Many women misuse these provisions for reasons such as speedy divorce and settlement of alimony, financial greed, to dissolve a marriage speedily or desire to take revenge and a clash of egos, added Kishwar, whose organization Manushi has often handled such cases.
The 6,000-member strong Janamithram Janakeeya Neethi Vedi — a registered society devoted to the cause of men harassed by women based in the southern state of Kerala has been fighting for a specific law to protect men against the dowry law. “Our aim is gender equality in its true sense. Equality of the sexes before the law is vital in a democratic country,” said Janamithram’s president and founder M.A. Ibrahim.

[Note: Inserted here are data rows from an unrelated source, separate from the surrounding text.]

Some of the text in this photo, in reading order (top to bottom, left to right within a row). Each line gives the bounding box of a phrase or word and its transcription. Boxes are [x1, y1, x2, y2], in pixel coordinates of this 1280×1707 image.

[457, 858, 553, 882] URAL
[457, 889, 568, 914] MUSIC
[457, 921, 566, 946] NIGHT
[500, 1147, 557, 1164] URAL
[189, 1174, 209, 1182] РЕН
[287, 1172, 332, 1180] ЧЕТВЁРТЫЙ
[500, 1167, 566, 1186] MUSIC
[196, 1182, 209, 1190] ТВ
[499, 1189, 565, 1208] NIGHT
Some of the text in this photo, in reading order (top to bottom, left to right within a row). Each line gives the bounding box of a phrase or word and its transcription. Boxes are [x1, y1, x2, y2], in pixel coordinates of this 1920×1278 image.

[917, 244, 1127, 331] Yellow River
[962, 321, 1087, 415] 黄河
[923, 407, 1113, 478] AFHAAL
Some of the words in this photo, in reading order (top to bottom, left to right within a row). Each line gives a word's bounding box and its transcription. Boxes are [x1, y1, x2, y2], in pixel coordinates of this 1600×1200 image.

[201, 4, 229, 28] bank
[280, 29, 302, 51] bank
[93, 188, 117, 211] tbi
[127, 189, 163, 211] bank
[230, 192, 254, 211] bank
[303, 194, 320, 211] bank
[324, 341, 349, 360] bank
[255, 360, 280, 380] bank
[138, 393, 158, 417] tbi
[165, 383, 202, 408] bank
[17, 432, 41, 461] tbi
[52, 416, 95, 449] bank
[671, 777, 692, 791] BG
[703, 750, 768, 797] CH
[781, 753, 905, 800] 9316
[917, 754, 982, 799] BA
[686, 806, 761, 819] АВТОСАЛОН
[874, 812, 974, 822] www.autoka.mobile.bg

The law has even been compared to the Prevention of Terrorist Activities Act recognized by several human rights organizations as draconian. The Save Indian Family Foundation discloses that the social cost of such cases is high. National Crime Records Bureau archives indicate that 63,343 married Indian men committed suicide in 2012 (up from 37,168 in 1997) “unable to withstand verbal, emotional, economic and physical abuse” due to false implication in dowry cases.
Though de-criminalizing the acceptance of dowry is not an option in Indian society where over 95 percent of dowry cases are indeed genuine and murder of women is involved, a sustainable situation is in order.
However, women lobbyists are against diluting the law. Brinda Karat, President of the All India Democratic Women's Association said it has taken decades for women to pluck up the courage to use these laws, so diluting them won’t solve the problem. “There may be a few cases of abuse. But dowry-related violence is so horrific that these laws are life-savers for women and it would be disastrous to dilute them. Dowry-hungry men will think they can get away with murder, literally,” she said.
Anti-dowry agitators suggest that a good way out of the quandary is to decriminalize marriage disputes and put an end to involvement of the police in counseling or monetary settlement of marital disputes. ”Such cases should be referred to Family Courts, not the Police. This will solve the bulk of the problem as the social cost of this skewed law is too high,” Jhangiani said.